WHAT IS EXPECTED:
Restate all of the records below exactly. Do not carry over any image.

DATA FOR ANALYSIS:
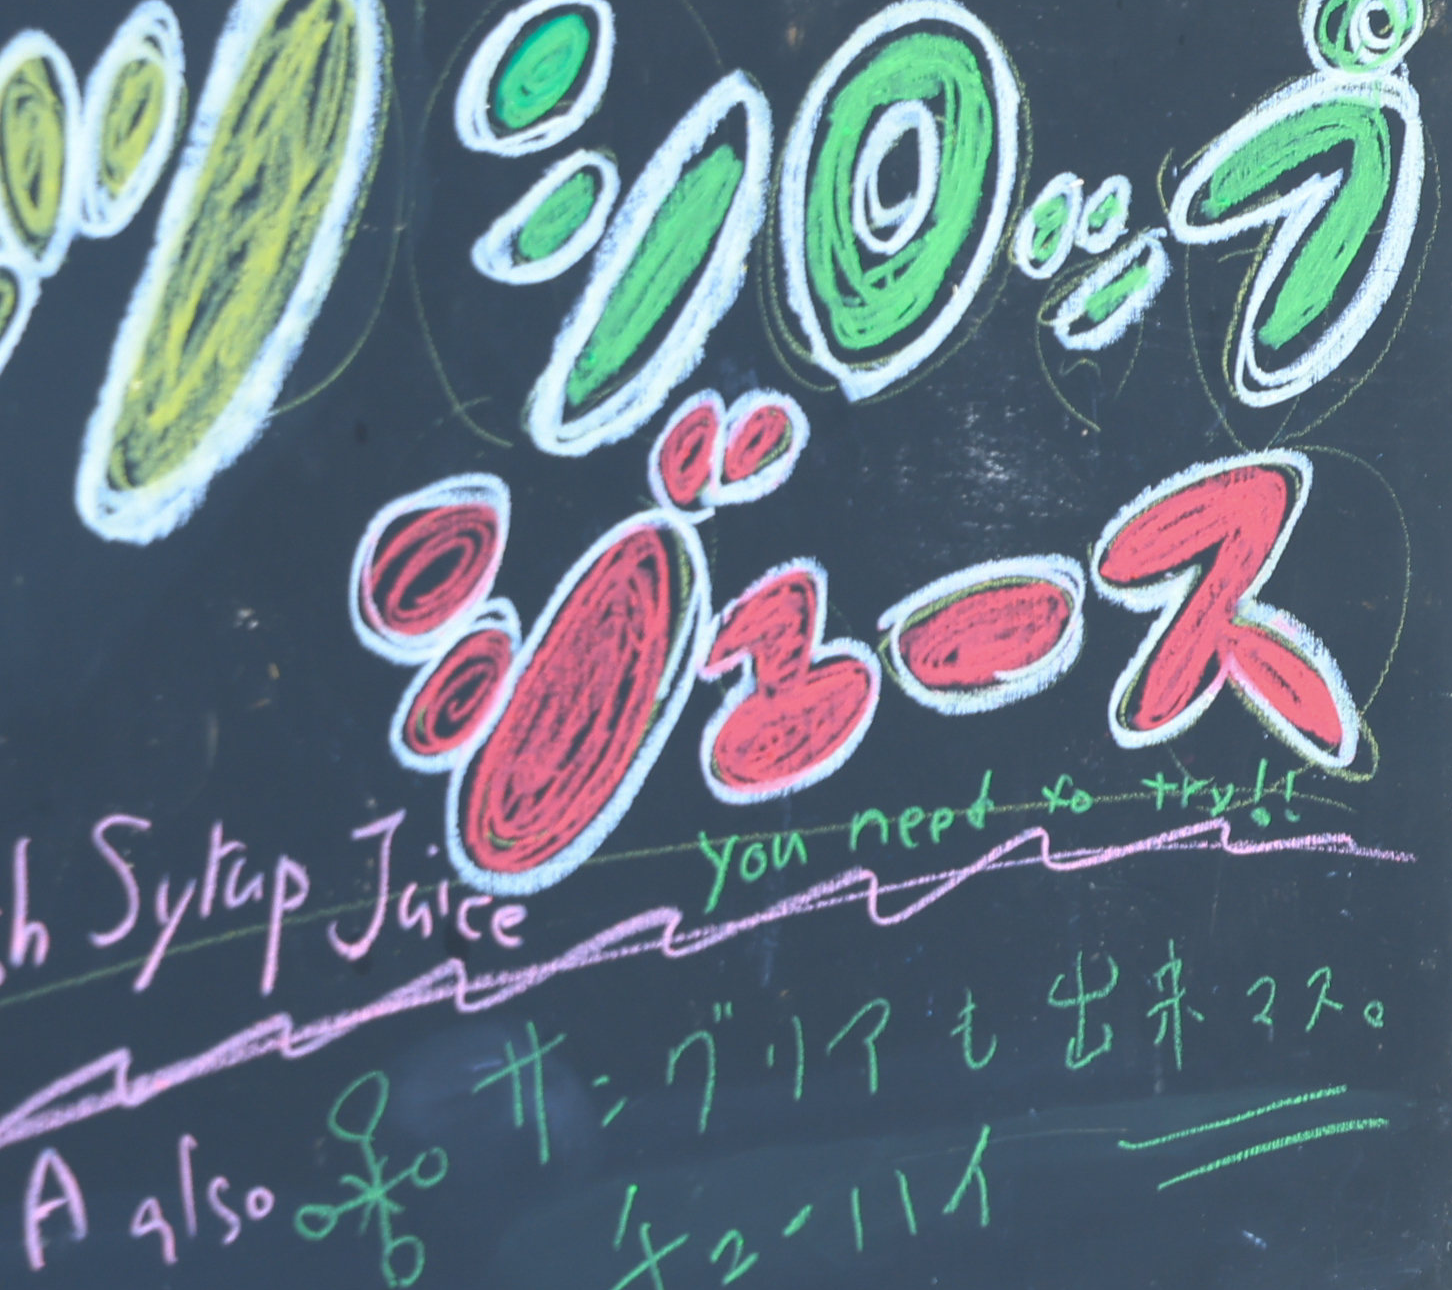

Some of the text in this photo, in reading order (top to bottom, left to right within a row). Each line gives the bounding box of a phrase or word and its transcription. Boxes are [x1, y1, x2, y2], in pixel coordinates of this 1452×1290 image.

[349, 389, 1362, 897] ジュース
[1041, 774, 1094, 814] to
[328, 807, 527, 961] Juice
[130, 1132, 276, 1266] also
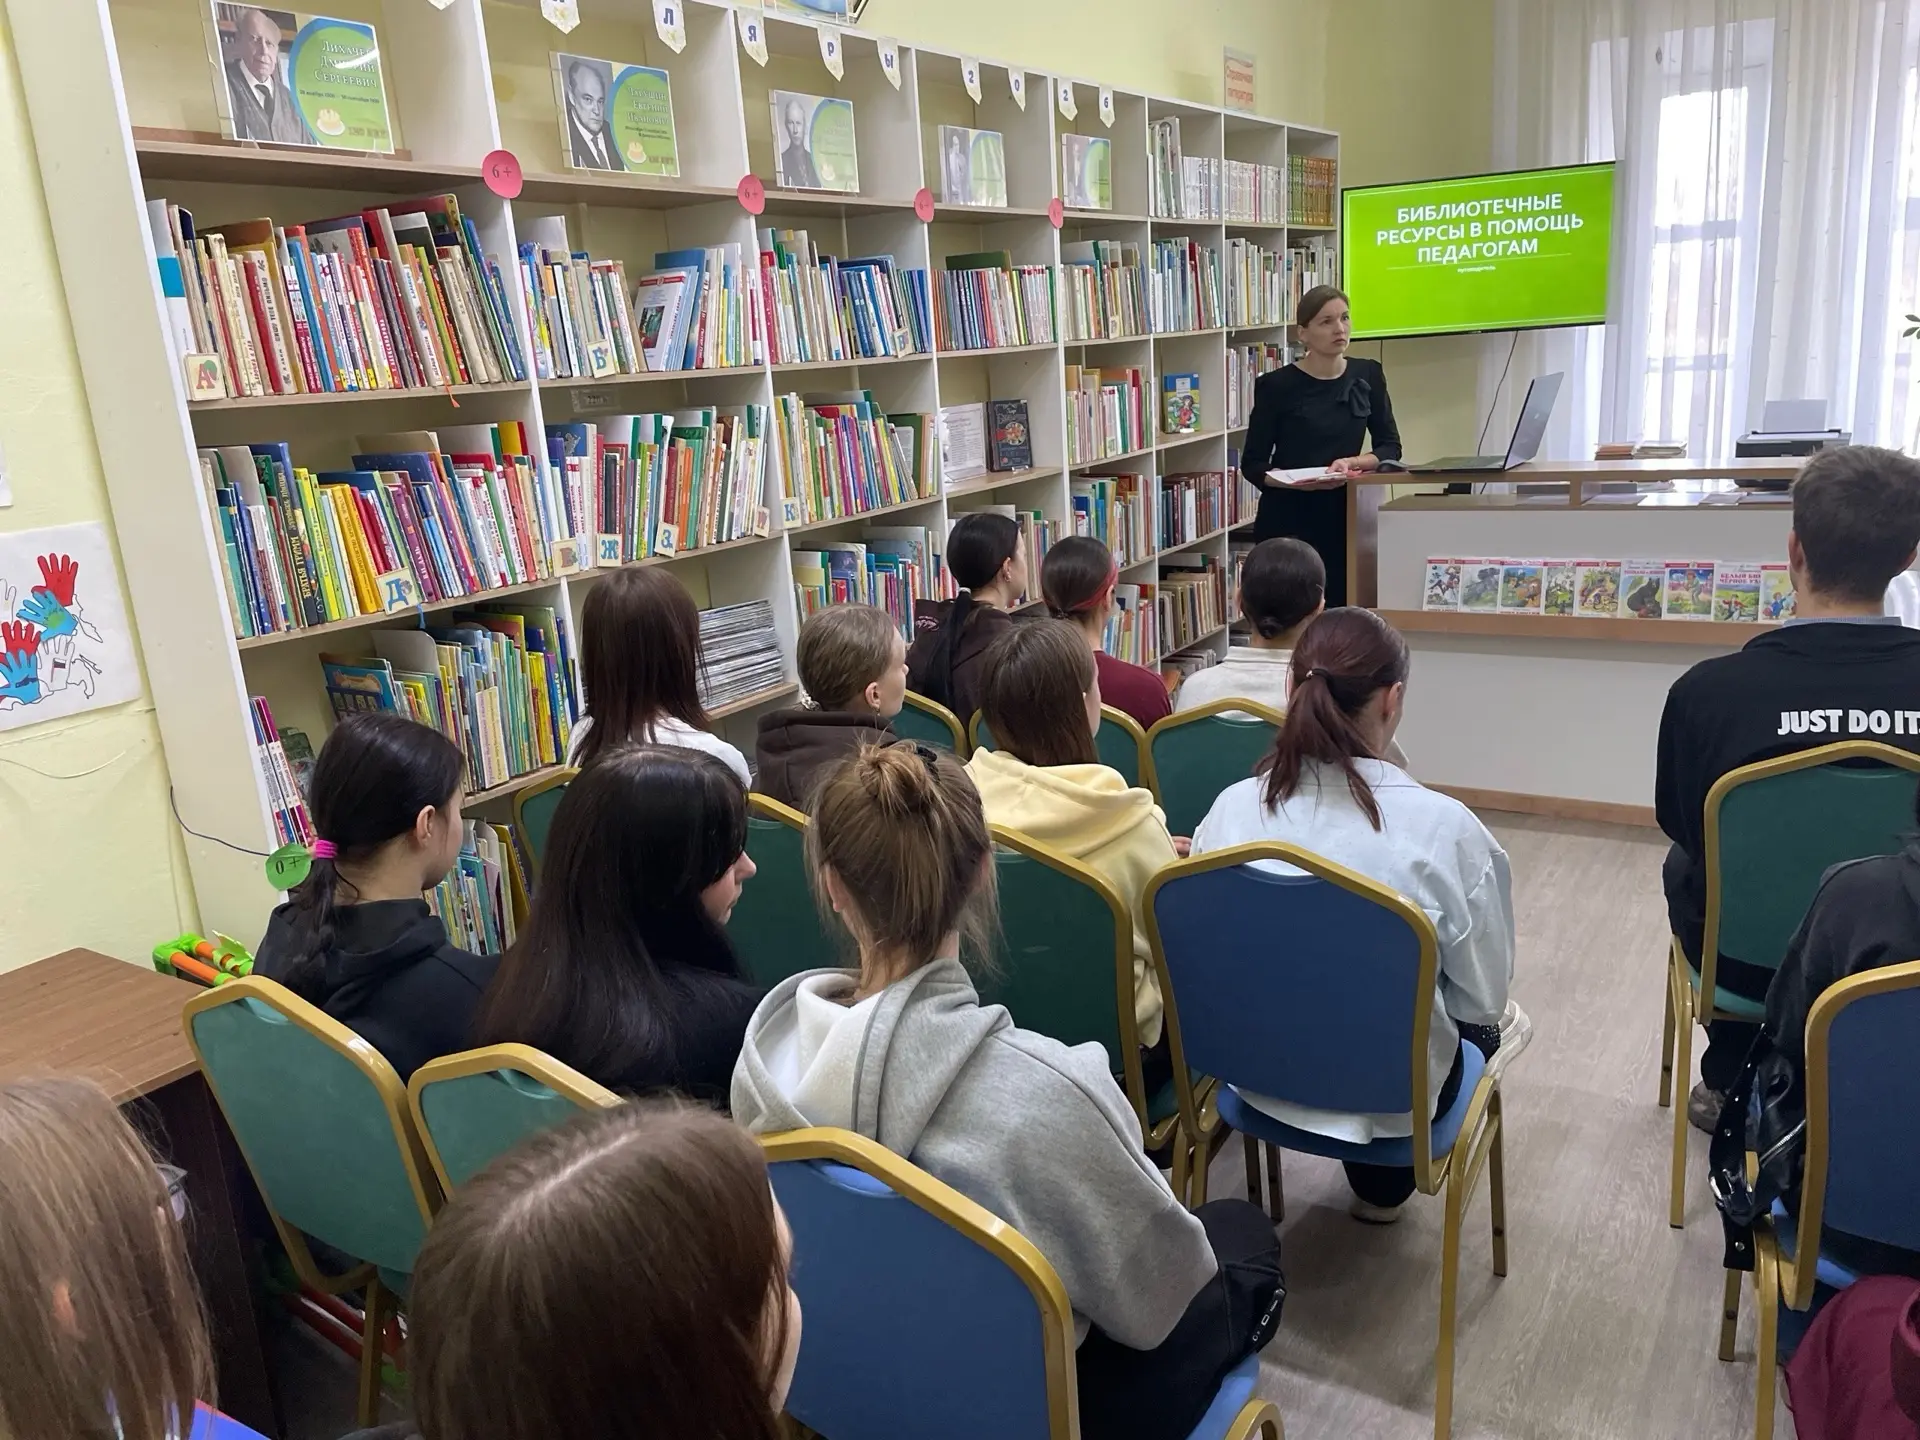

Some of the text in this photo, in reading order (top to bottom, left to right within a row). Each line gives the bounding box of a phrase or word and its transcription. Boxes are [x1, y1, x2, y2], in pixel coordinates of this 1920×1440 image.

EXPECTED OUTPUT:
Some of the text in this photo, in reading order (top to bottom, left to right within a row). Each line gives the bounding box of a phrase or word and its transcription. Boxes are [x1, y1, x2, y2], in pixel coordinates of this 1452×1290 image.

[349, 389, 1362, 897] ジュース
[1041, 774, 1094, 814] to
[328, 807, 527, 961] Juice
[130, 1132, 276, 1266] also

Some of the text in this photo, in reading order (top to bottom, left to right within a row). Each line gives the bounding box of a phrase or word and its transcription. Boxes are [x1, y1, x2, y2], in pixel coordinates of this 1920×1440 image.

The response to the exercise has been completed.